Crow Mother is the mother of all the katsinas who are spirits of the Hopi universe. The Hopi, which means peace, believe all beings in the universe carry energy. They are one of the oldest living pueblo cultures and reside on three mesas in northern Arizona. Crow Mother appears during the Powamu or Bean dance, which opens the ritual year. She offers corn to sustain life and switches for discipline and protection. She stands on a rock art labyrinth symbolizing the human journey of life. Black crows hang out around humans and love corn.
Source: Katsina. Painted Wood. N.d. Hopi. Museum of Northern Arizona. Flagstaff
Read Meet Mago Contributor Lydia Ruyle.
Another wonderful artwork by Lydia Ruyle. I never cease to be amazed. Here is an offering, humble and unworthy as it may be.
Lament for Mother Crow
Sold
for 106,000 Euros,
$209,000 American,
more than three times the pre-sale estimate
because calamity sells, you know.
Headlines sell. It’s the American way,
and apparently the French way, but not the Hopi way.
Stolen
by a Frenchman 100 years ago,
Mother Crow. She brings the bean sprouts
to The People, peaceful folks who live in the desert
in mud houses and trailers in the bellybutton of the world.
She initiates the children into the life before them,
ensures the good health and behavior of children.
It is a crime
against The People, the Hopi,
Pueblo people surrounded by Others.
Encircled by a hostile Navajo Nation.
Enclosed by the usurping State of Arizona.
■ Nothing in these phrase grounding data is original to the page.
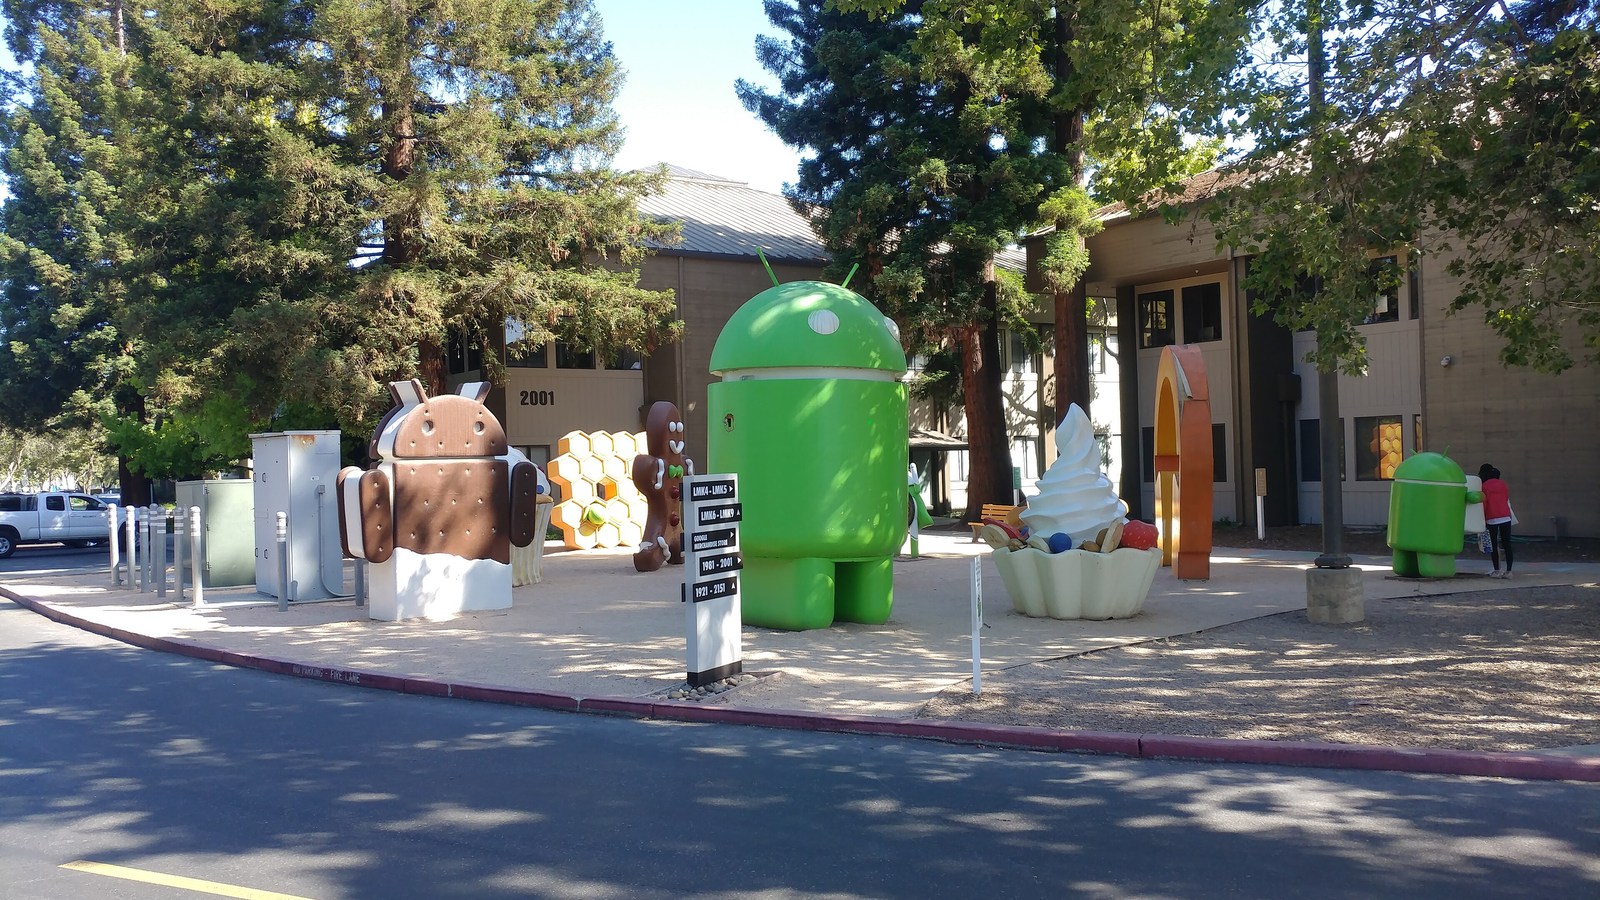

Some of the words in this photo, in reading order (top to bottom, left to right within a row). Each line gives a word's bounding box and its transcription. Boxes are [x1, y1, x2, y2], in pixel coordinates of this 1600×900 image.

[520, 390, 554, 405] 2001
[702, 560, 715, 571] 1981
[720, 557, 733, 568] 2001
[695, 586, 708, 598] 1921
[713, 583, 726, 594] 2151
Swallowed by the United States of America
Vomited out in Paris on an auction block.
Mother Crow
brings life to The People each year.
Mother of all the kachinas
who bring water from the mountains
and make the blue corn to be ground
and baked into piki bread, blue bread.
thin wisps that crumble and melt on the tongue
Religious relic
Pieces of feather and turquoise chunks.
A wooden mask carved and painted,
pieces of godliness and Mother Crow,
sold to the highest bidder somewhere cold,
somewhere not the center of the earth,
too far for Mother Crow to fly back to her mountain
and return next year at the appointed time.
I resonate with the spiritual essence in this image, Lydia. I see you use current colors. Very interesting.